A huge consequence of the failure of the aid organizations to educate tubewell users is that there are a lot of people who do not understand now what is going on.  The last time these foreigners came to their village, the villagers were told that tubewell water was what they should drink; now, they’re being told that some tubewell water is not safe.  This has created a credibility gap for the aid workers, and has added to their problems with getting Bangladeshis to follow the rules they put forth for using tubewell water (Paul 2000).

Most Bangladeshis do not understand why illness has occurred, and this has caused social problems.  A significant number of those who are ill from chronic arsenic poisoning (about 90%) either do not know the reason or think that God has cursed them (Chakraborki 2002).  Many who have been told that some wells are unsafe do not believe it because “the water has no foul smell . . . or taste” (Paul 2000:806).  Some even think that a poisoned well means that a snake was struck while the well was being dug (Paul 2000).
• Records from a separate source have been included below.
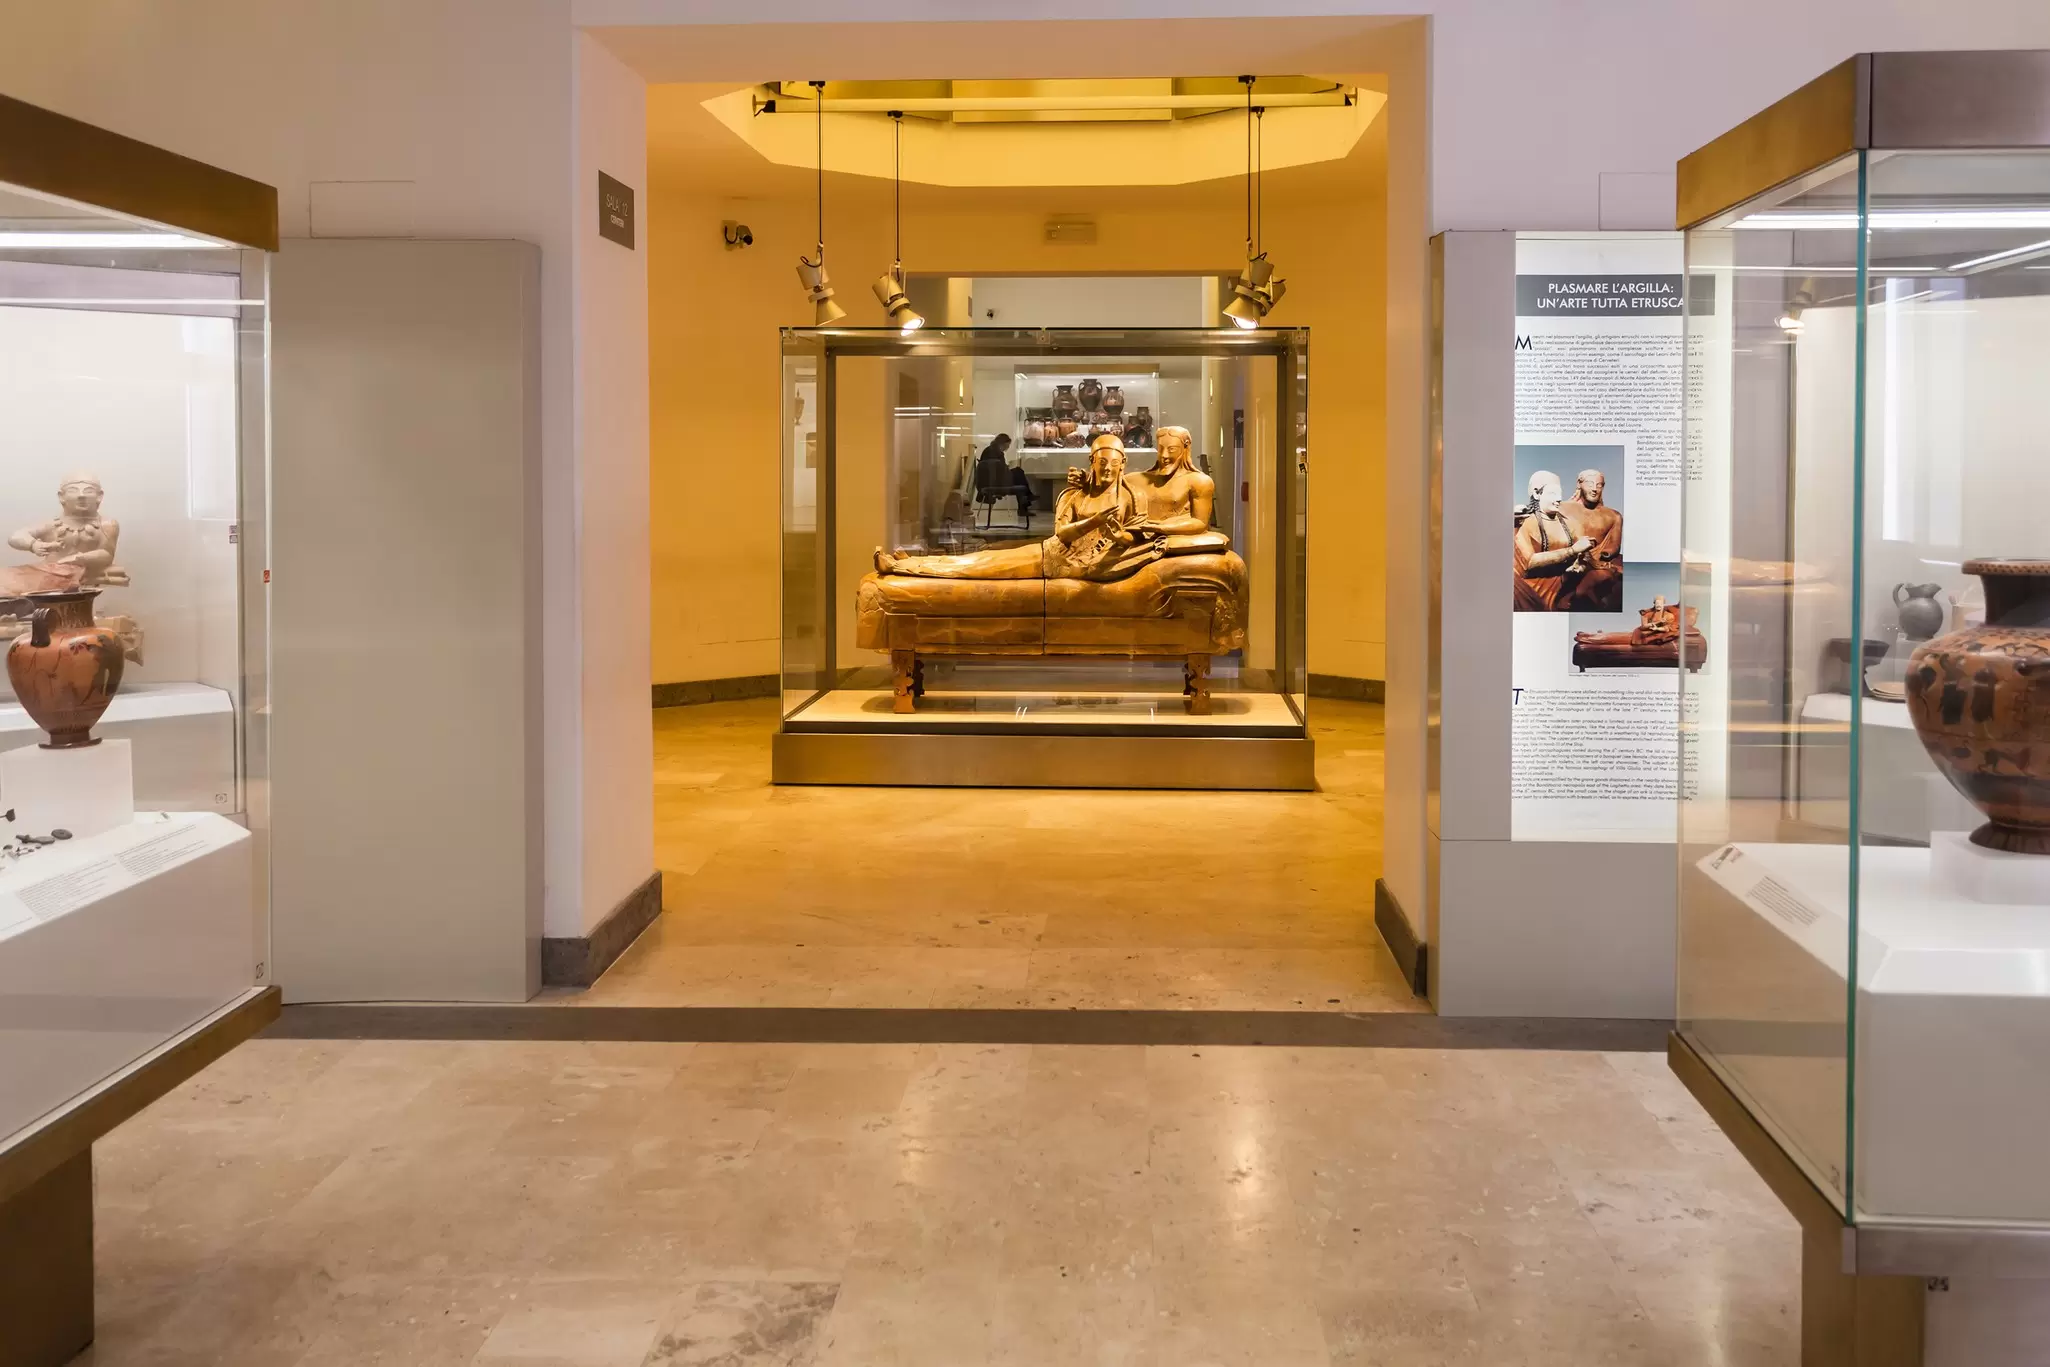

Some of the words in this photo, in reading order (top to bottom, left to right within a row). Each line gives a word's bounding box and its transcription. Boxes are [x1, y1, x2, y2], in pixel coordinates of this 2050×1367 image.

[606, 193, 620, 213] SALA
[622, 202, 629, 217] 12
[1548, 283, 1609, 294] PLASMARE
[1612, 283, 1674, 294] L’ARGILLA:
[1537, 298, 1588, 309] UN’ARTE
[1591, 298, 1628, 309] TUTTA
[1631, 298, 1684, 309] ETRUSCA
Obviously, education efforts about the arsenic problem have failed.

Women have been particularly affected by the negative associations made about arsenic poisoning victims.  Parents are unable to find husbands for sick daughters, and women who are married frequently have husbands who either remarry or send them back to their parents (Chowdhury 2004).  They are frequently shunned by the community and prevented from drinking from wells that have been deemed safe (Paul 2000).  It is common that the lesions caused by the arsenic are mistaken for leprosy, and people with them are told by their community to not attend school, go to work, or visit health clinics as a result (Paul 2000).
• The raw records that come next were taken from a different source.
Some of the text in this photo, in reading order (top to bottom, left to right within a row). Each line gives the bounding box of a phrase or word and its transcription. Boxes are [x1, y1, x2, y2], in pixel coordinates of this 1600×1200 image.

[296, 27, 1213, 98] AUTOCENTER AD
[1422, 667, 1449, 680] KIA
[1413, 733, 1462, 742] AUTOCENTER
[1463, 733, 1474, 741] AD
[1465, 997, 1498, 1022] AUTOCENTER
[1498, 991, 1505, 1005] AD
Even those who have been educated find it hard to stop drinking from contaminated tubewells.  Using a public tubewell – or, worse a neighbor’s tubewell – as a water source is a huge blow to the pride and social standing of a family (Paul 2000).  Tubewells are a statement now in Bangladeshi society:  they say that the household is doing well.  To have to turn to another source causes a family to “experience a loss of prestige” (Paul 2000:807).  It appears that there have been some people who, despite knowing the risks, have unsealed condemned wells to avoid having to use neighbors’ wells (Paul 2000).  This development was potentially predictable by looking at the huge growth of the private tubewell market in the last decade – something that has become a big industry is probably something that people feel strongly about.

Conclusion

International aid organizations owe it to the country in which they are working to consider the particular characteristics of the country in which they are putting forth effort.  If the organizations do not, there can be devastating consequences.  This has been seen in Bangladesh, where the peculiarities of the country have been ignored time and again.

Bangladesh’s geology was ignored by everyone for twenty years.  This resulted in the silent poisoning of thirty-five million people.  After the public airing of arsenic contamination of groundwater, the organizations still bungled the aftermath.  The British Geological Survey took no notice of the arsenic problem, even though they should have.  UNICEF, the World Bank, and WHO made mistakes by using unreliable field tests for three years, accidentally making the problem worse by restricting access to safe wells and letting dangerous wells be used.

Even worse, the aid organizations today have not taken into account the poor quality of education and understanding in rural villages in Bangladesh.  Workers have frightened and panicked villagers unnecessarily.  Villagers, for their part, disregard a lot of what workers tell them because either it contradicts what they have been told by workers before or it is undesirable or impractical to do.

Bangladesh should be seen as a case study of what not do to when attempting to help.  International aid organizations have to take into consideration the physical and social idiosyncrasies or the location before they start any sort of program.  Especially when planning on changing food or water sources; there are too many things that can go wrong.  Detailed studies should be done that deal with the aspects that are likely to change.  It is the only way to be assured that catastrophic preventable events will not happen.